#### [AIM OF THE TASK]
Please restate the listing word for word, omitting the images.

#### [LISTED RECORDS]
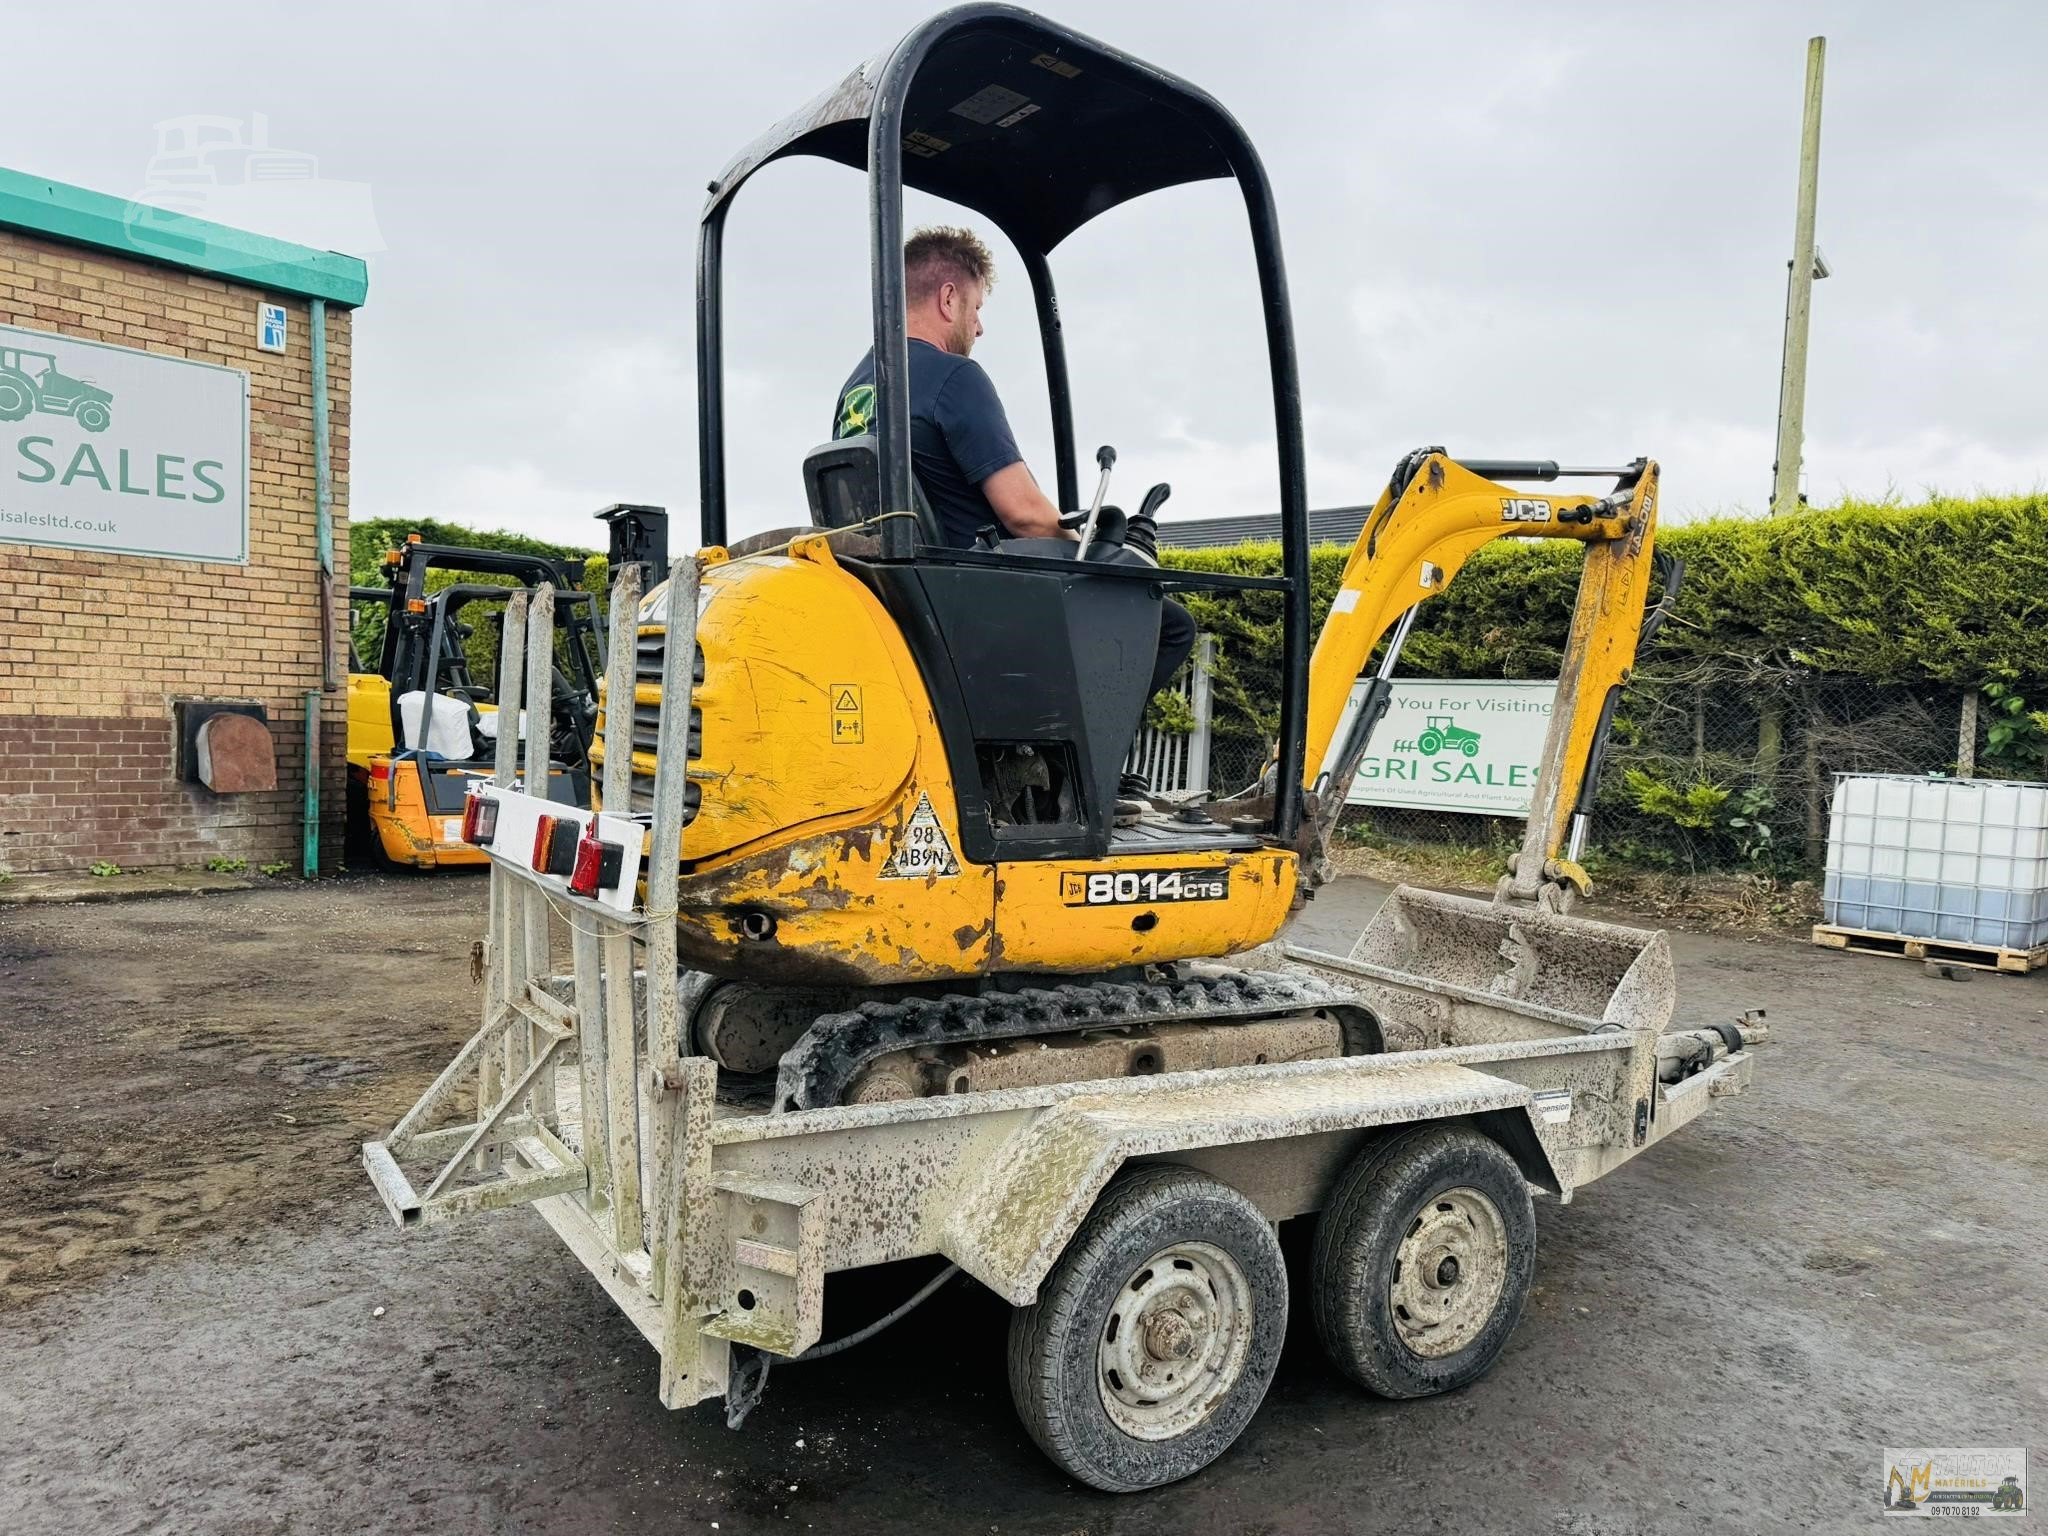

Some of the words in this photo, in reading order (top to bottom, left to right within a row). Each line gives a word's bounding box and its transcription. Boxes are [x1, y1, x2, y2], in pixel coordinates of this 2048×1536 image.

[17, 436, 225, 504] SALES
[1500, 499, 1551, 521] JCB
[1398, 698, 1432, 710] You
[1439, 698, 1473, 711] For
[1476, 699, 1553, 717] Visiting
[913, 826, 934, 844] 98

#### [WORKED SOLUTION]
Some of the words in this photo, in reading order (top to bottom, left to right within a row). Each line gives a word's bounding box and its transcription. Boxes are [x1, y1, x2, y2], in pixel coordinates of this 2048×1536 image.

[17, 436, 225, 504] SALES
[1500, 499, 1551, 521] JCB
[1398, 698, 1432, 710] You
[1439, 698, 1473, 711] For
[1476, 699, 1553, 717] Visiting
[913, 826, 934, 844] 98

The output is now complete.